The seaward doors gape open at the quirky house on Antibes’ bay.  Sheer white curtains waft outside, fluttering like twin ghosts on the breeze.  As I trickle by on my paddleboard, I chuckle at the image.  They used to hold levitations inside that home.  

This season, though, the folks lazing on the balcony at this modest house did not include the mystic.  She had a long-let, we learned.  The American did not make it to France this year.

My paddleboard and I bounce over the swells.  The winds are variable this early evening, but the current mostly pushes me home, which is useful.  Down the coastline, the Russian villa perches, postcard perfectly, on a prominent, rocky patch.  For much of this pandemic-centered summer, the stone mansion has retained an air of anticipation whenever I paddled by.  White-clad housekeepers totted spray bottles, and white blooms filled the balcony pots.  At one point, the terrace furniture covers disappeared.  The housekeepers stopped spraying and started folding napkins.  Today, though, no one is about – not even the housekeepers.  One pot has lost its white flowers.

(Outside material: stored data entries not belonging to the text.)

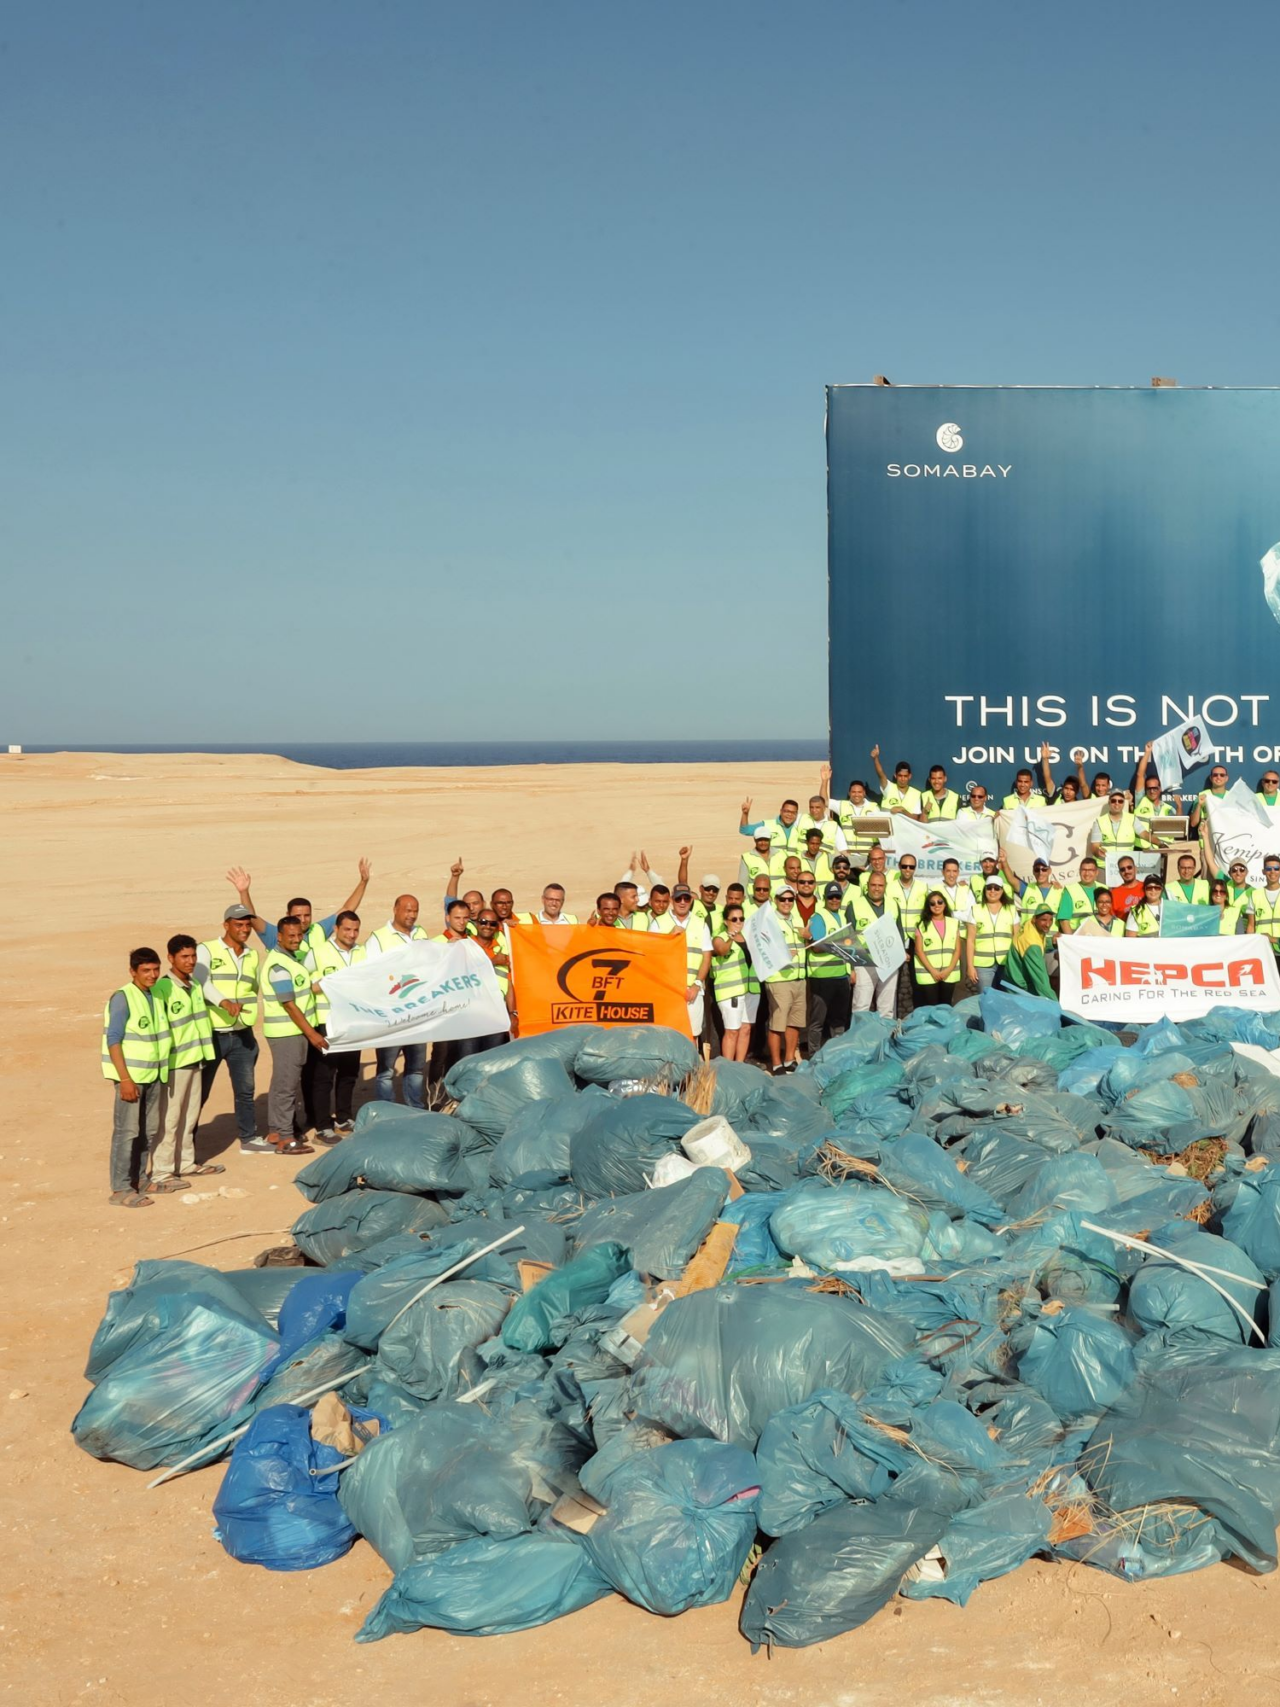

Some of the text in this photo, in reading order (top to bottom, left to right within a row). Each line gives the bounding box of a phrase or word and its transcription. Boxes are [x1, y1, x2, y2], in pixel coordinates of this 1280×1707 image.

[886, 463, 1012, 479] SOMABAY
[944, 695, 1067, 727] THIS
[1091, 694, 1137, 727] IS
[1161, 694, 1270, 727] NOT
[952, 746, 1015, 764] JOIN
[1024, 746, 1061, 764] US
[1069, 746, 1109, 763] ON
[1117, 746, 1152, 763] TH
[886, 857, 900, 869] TH
[1250, 875, 1268, 883] SIN
[1081, 956, 1265, 990] HEPCA
[591, 976, 626, 990] BFT
[347, 972, 483, 1019] THE BREAKERS
[555, 1005, 650, 1020] KITE HOUSE
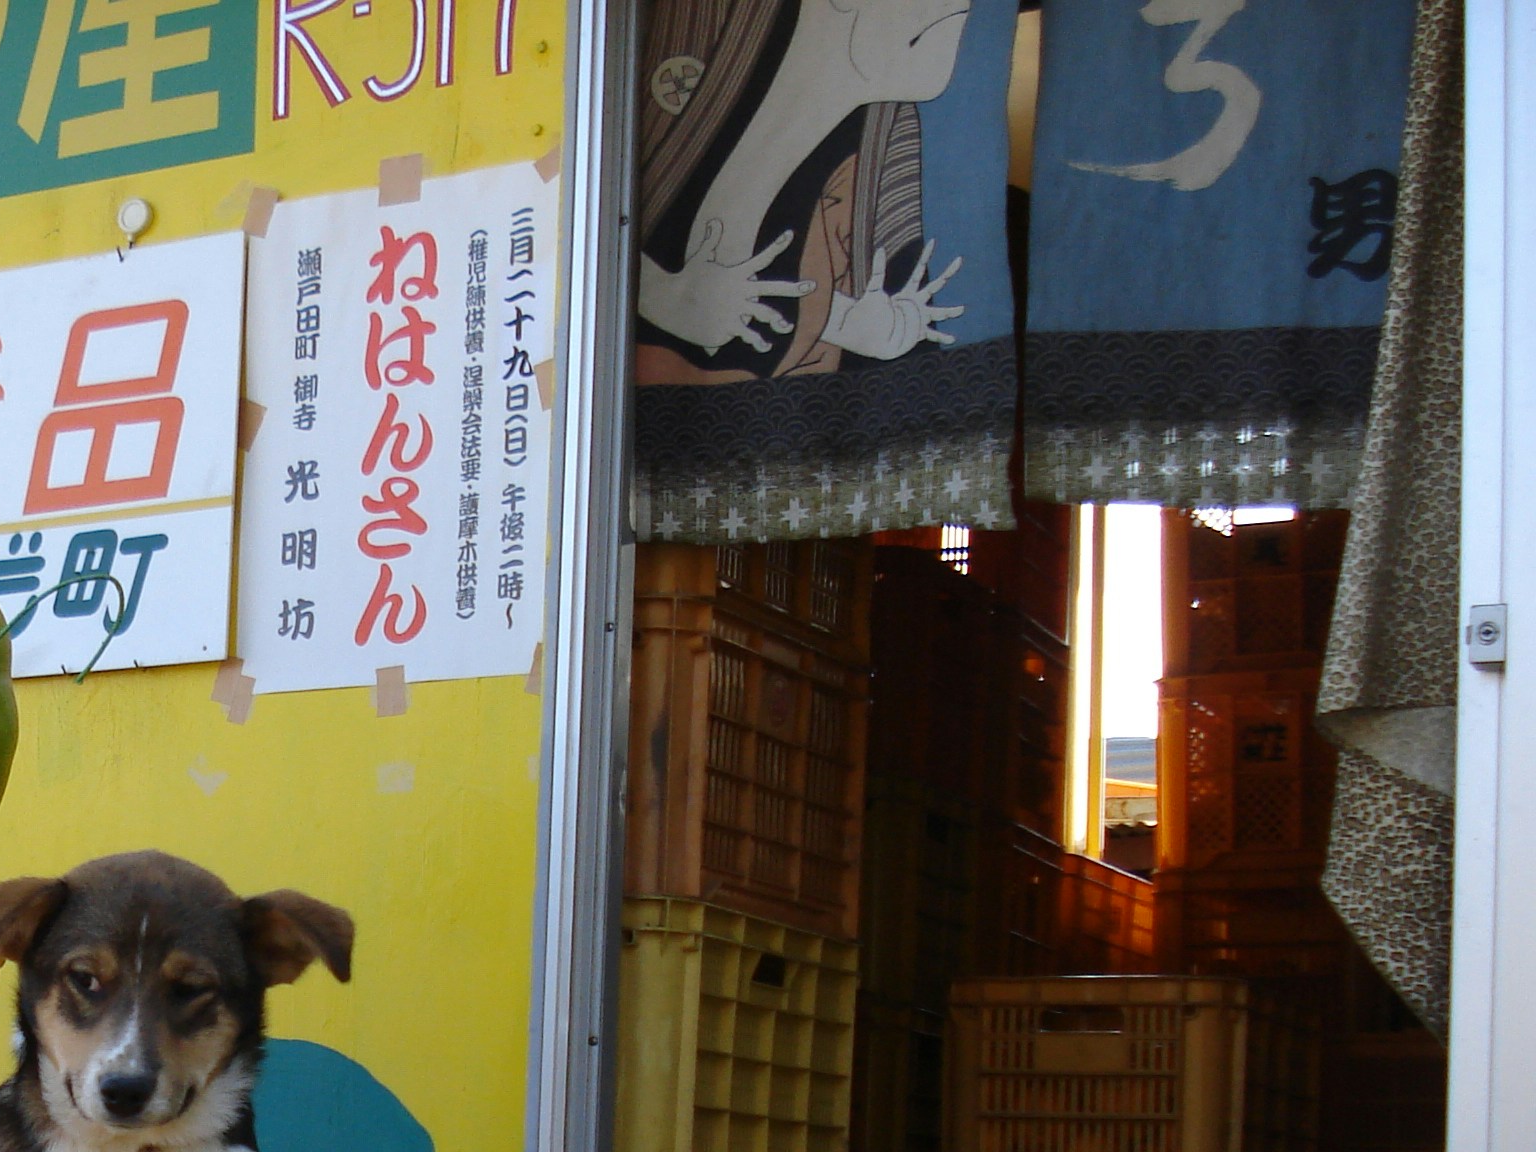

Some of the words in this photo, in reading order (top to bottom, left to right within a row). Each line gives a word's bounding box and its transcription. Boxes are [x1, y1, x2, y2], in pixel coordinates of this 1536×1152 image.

[1306, 168, 1400, 282] 男
[355, 225, 439, 647] ねはんさん
[277, 460, 320, 641] 光明坊

This season, more than any other during French Lessons’ 15 years in Antibes, the bay off our home, Bellevue, has been our theatre.  And why not?  While a virus hems in regular life, the waters of the Med expand at our feet.  The ease of the sea mirrors the simplicity that took hold of life at the beginning of the outbreak.  Our calendars cleared.  Our expectations mellowed.  When the chance arose to travel from Canada to France, we were simply grateful to set foot in our normal summertime home.

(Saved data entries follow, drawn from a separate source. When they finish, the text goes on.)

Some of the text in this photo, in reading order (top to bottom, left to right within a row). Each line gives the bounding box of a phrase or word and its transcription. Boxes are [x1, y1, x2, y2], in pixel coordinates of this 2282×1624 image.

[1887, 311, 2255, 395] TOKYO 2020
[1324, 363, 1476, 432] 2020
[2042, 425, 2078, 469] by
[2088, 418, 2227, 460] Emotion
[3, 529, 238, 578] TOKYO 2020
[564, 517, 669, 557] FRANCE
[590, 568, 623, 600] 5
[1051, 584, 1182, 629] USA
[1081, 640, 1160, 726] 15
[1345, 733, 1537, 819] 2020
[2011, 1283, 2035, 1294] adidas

cap d'antibes at bay beside Antibes

Paddleboarding – basically a platform, an oar, and a bit of balance – is all about that simplicity.  The ease of the board’s movement, and the gentleness of its carriage, have matched the tempo of this unusual summer.  The other day when I set out from our rocky beach, the-woman-with-the-shoulder-tattoo warned me about the méduses.  What stunned me wasn’t the jellyfish.  It was her.  To Philippe and me, this sunbather was our bellwether.  Summer officially began at Bellevue when the-woman-with-the-shoulder-tattoo turned up at the far end of the beach.  (A decade ago, when the same woman had worn only half her swimsuit, Philippe was busy mastering his new binoculars.  The coincidence of these two events is a standing joke.) 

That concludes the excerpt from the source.